I was privileged to attend the BCS Digital Skills Network launch at our London offices last week. There were around 70 experts from across industry, the government, charities, and training providers who shared their views and knowledge about building up the tech skills of the nation. It was a very lively and informative day.
The Minister for Skills, Alex Burghart, gave the keynote speech. He said the government was increasingly encouraging people to consider getting the skills and qualifications they needed while working. That could be via the apprenticeship route or studying T-Levels, where work placements make up 20% of the course.
It's Learning at Work Week, which has a theme of lifelong learning. I'm proud to say BCS, as the professional body for information technology, provides a wide range of IT qualifications for people at all stages of their careers.
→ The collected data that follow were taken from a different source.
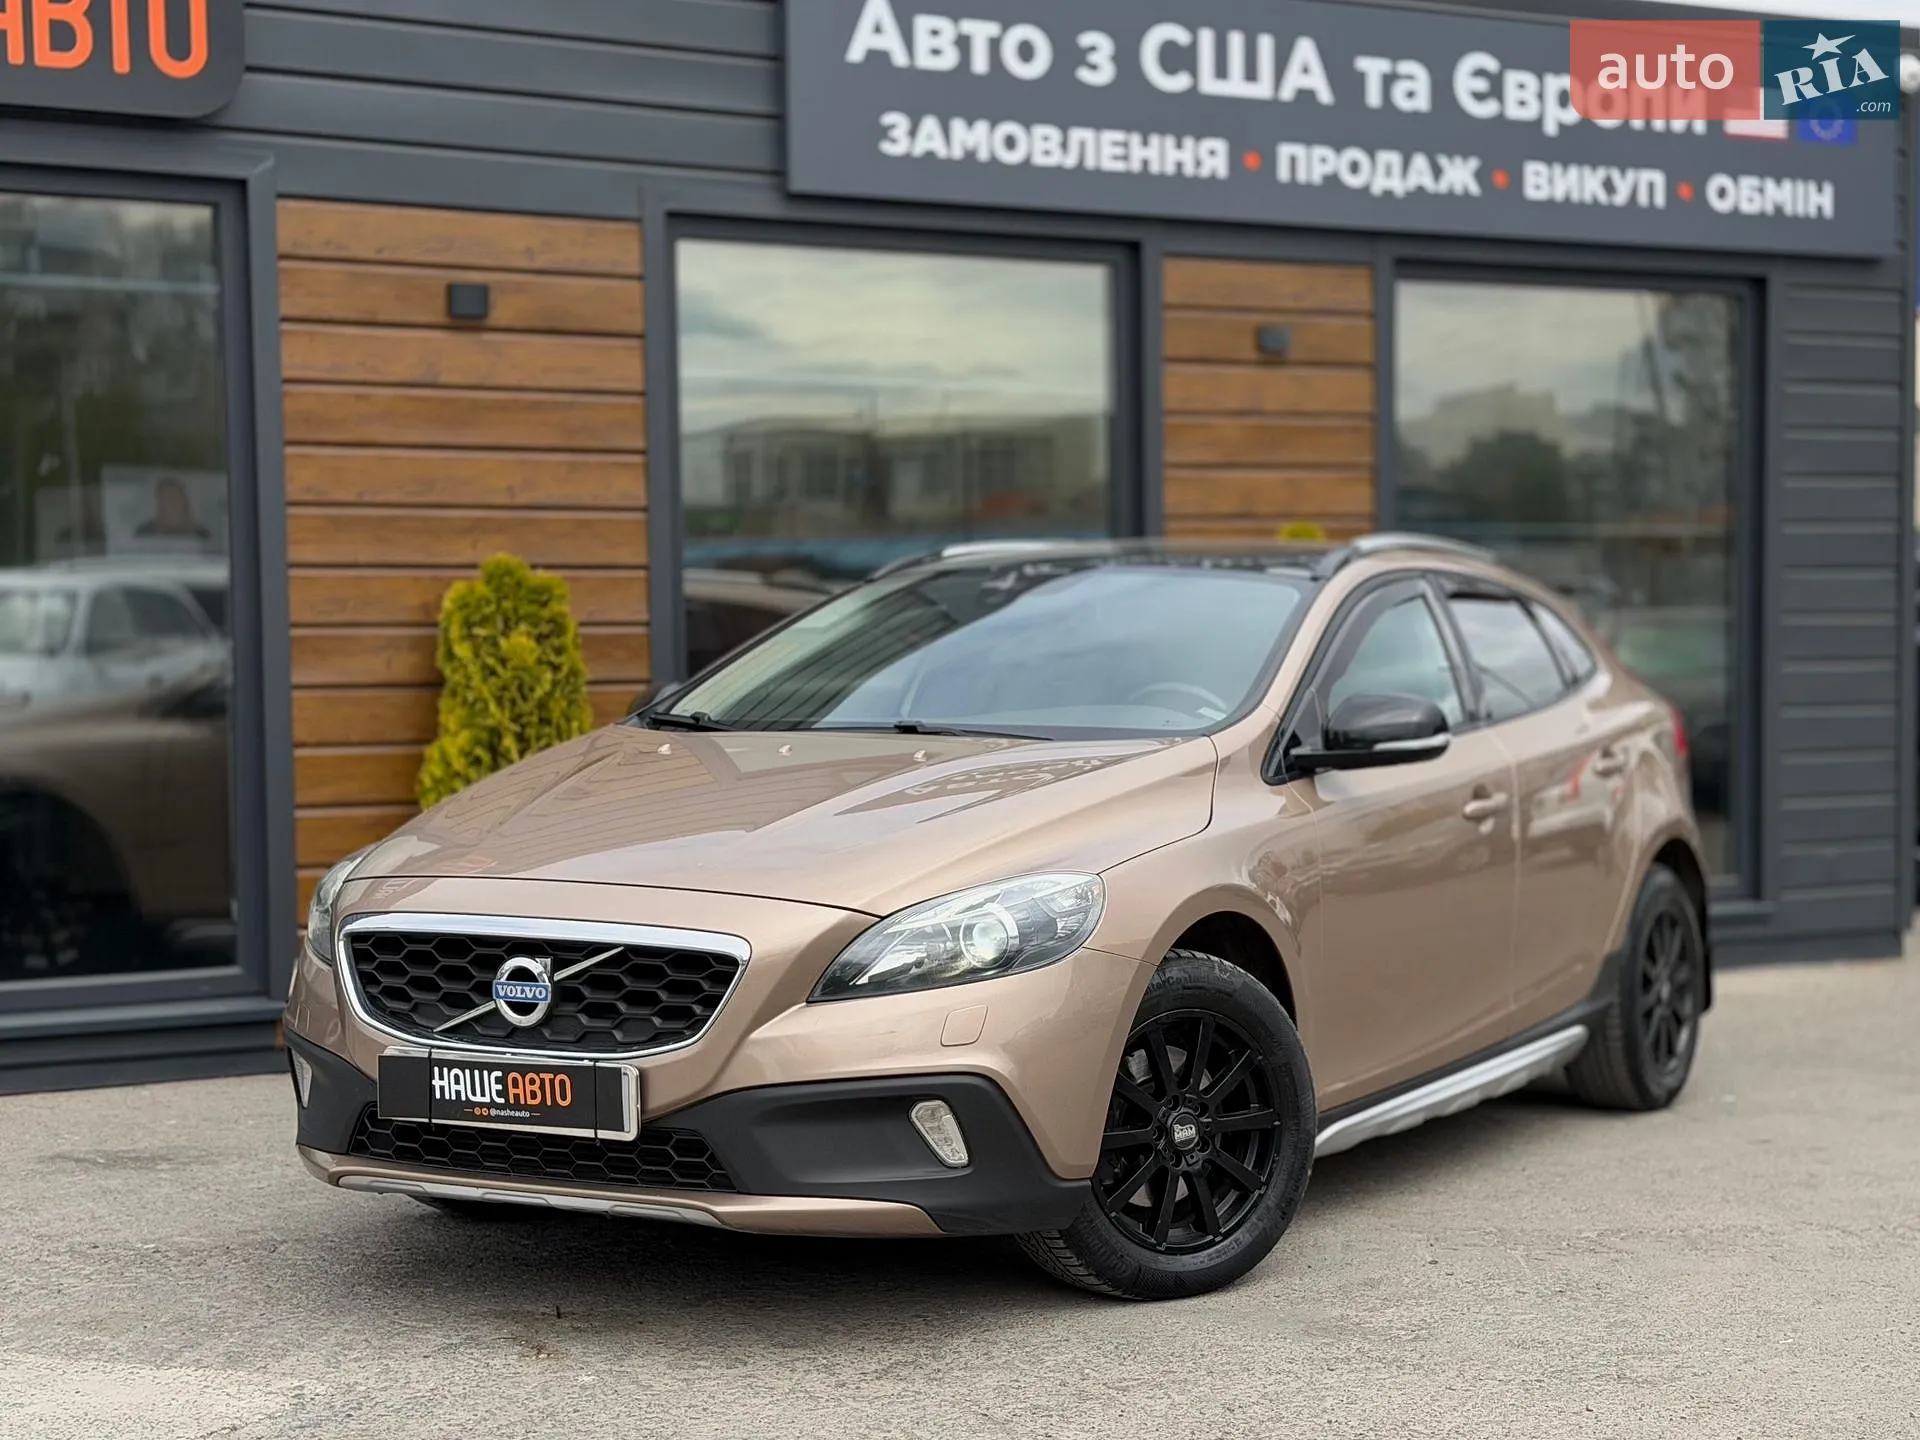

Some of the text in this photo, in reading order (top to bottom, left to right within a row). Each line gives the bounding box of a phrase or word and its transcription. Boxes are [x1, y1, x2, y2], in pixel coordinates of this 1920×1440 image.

[845, 0, 1054, 81] Авто
[1074, 30, 1118, 87] з
[1139, 21, 1335, 106] США
[1353, 54, 1433, 114] та
[878, 110, 1835, 220] ЗАМОВЛЕННЯ ПРОДАЖ ВИКУП ОБМІН
[496, 984, 547, 999] VOLVO
[431, 1066, 572, 1107] НАШЕ АВТО
[489, 1107, 530, 1118] @nasheauto
Be part of something bigger, join the Chartered Institute for IT.
And those skills are used and needed in all sectors. Our mantra at BCS is making IT good for society. Our Director of Policy, Dr Bill Mitchell OBE, told the Network audience how tech skills could be used to address the huge societal issues facing the world, such as climate change, the pandemic and economic uncertainty.
He explained how governments see data, artificial intelligence, and cyber security as critical to driving responsible innovation to cope with these challenges. But it's not all about tackling the big issues; it's also about acquiring the basic skills too.
Skills hold the key
Simon Ashworth from the Association of Employment and Learning Providers told the audience there was a significant hunger for skills with a varied and complex landscape of funding and support.
However, not everyone can access the training they need, and the importance of bridging the digital divide was discussed. It's worrying that many in our society don't benefit from technology because they can't afford the basics, such as a computer, and lack the skills they need.
Lucy Ireland, Managing Director at BCS Learning and Development, said: "The launch of the Digital Skills Network brought together the people who can shape the digital training of the current and future workforce. We've had excellent feedback from attendees about how the event was a fantastic opportunity to share ideas and think about how we can all work together. We're very excited about continuing the conversation and are looking forward to the regional Digital Skills Network events."
BCS, as an organisation, is at the heart of boosting digital skills and promoting professionalism at all career stages and across society in general. It's part of our DNA.
Image: BCS President Mayank Prakash; Skills Minister Alex Burghart; BCS Managing Director L&D Lucy Ireland.